------ DATASET CONTENT ------

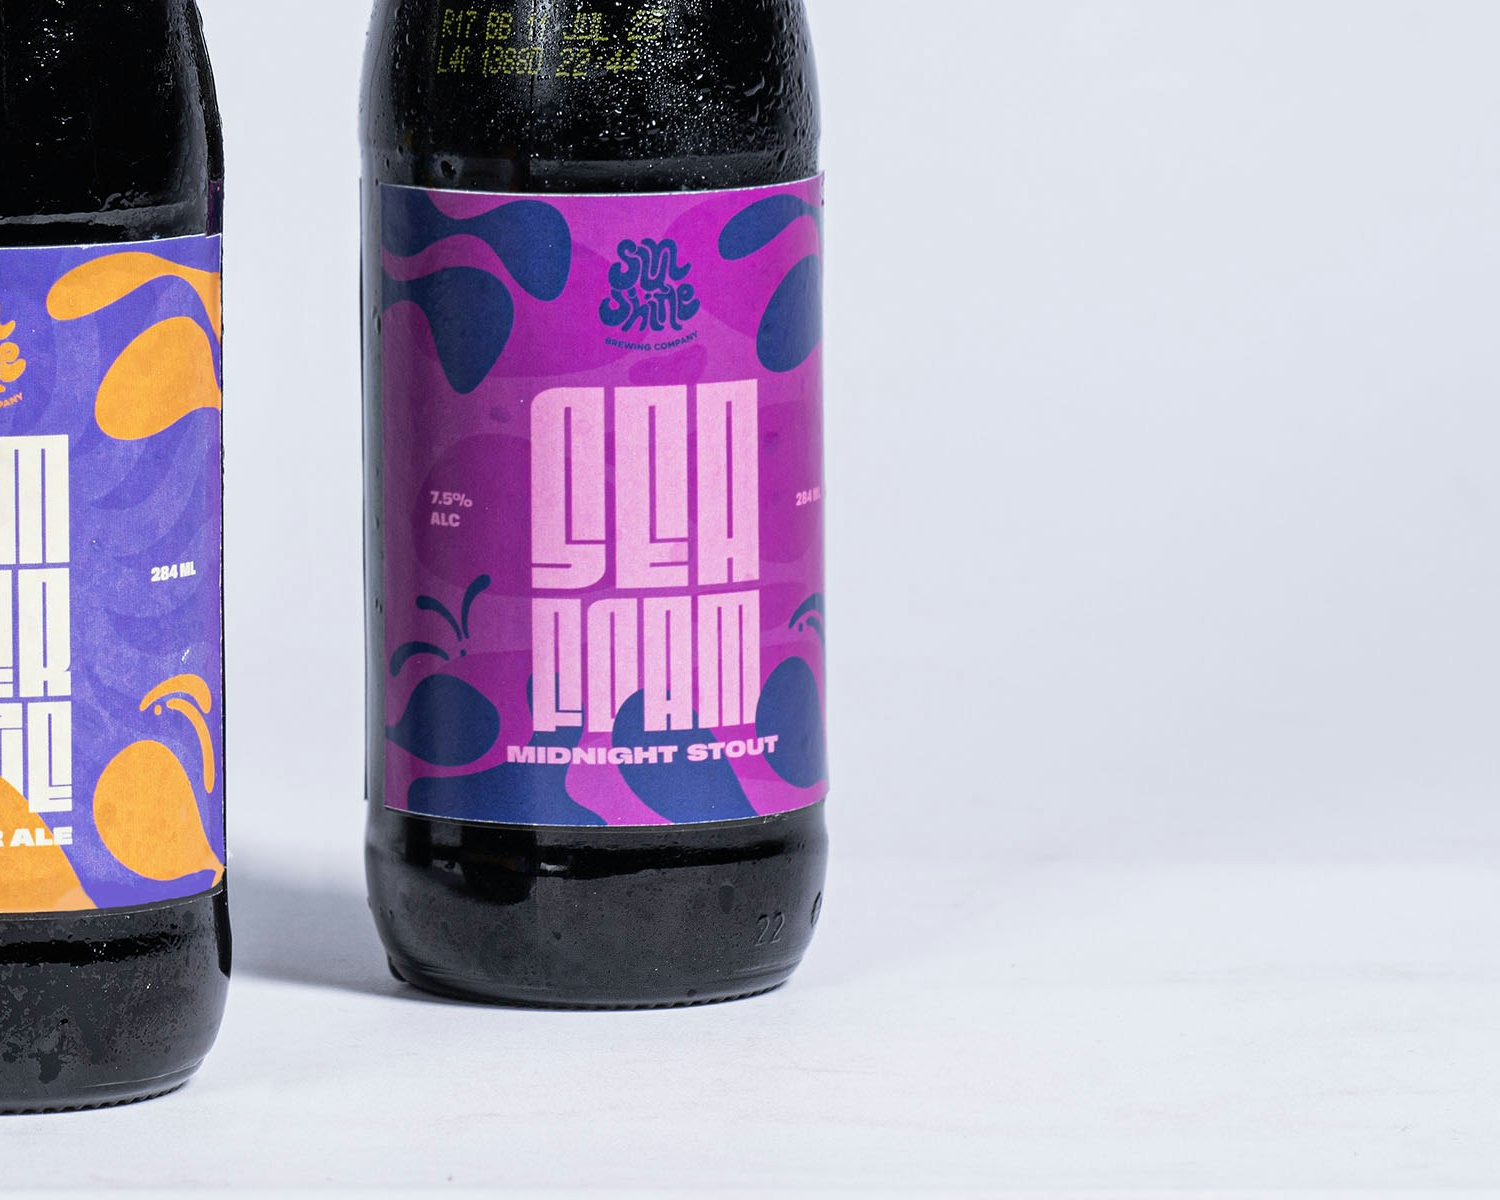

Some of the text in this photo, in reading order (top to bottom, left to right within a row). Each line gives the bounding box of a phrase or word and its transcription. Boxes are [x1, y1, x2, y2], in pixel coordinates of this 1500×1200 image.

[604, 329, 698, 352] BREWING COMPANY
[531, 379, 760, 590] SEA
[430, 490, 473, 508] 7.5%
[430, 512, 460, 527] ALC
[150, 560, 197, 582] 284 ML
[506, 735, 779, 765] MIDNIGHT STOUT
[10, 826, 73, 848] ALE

------

WORK ITEM: Since the pictures are not wanted, transcribe only the rest of the material above, exactly as it stands.

ANSWER SECTION:
Some of the text in this photo, in reading order (top to bottom, left to right within a row). Each line gives the bounding box of a phrase or word and its transcription. Boxes are [x1, y1, x2, y2], in pixel coordinates of this 1500×1200 image.

[604, 329, 698, 352] BREWING COMPANY
[531, 379, 760, 590] SEA
[430, 490, 473, 508] 7.5%
[430, 512, 460, 527] ALC
[150, 560, 197, 582] 284 ML
[506, 735, 779, 765] MIDNIGHT STOUT
[10, 826, 73, 848] ALE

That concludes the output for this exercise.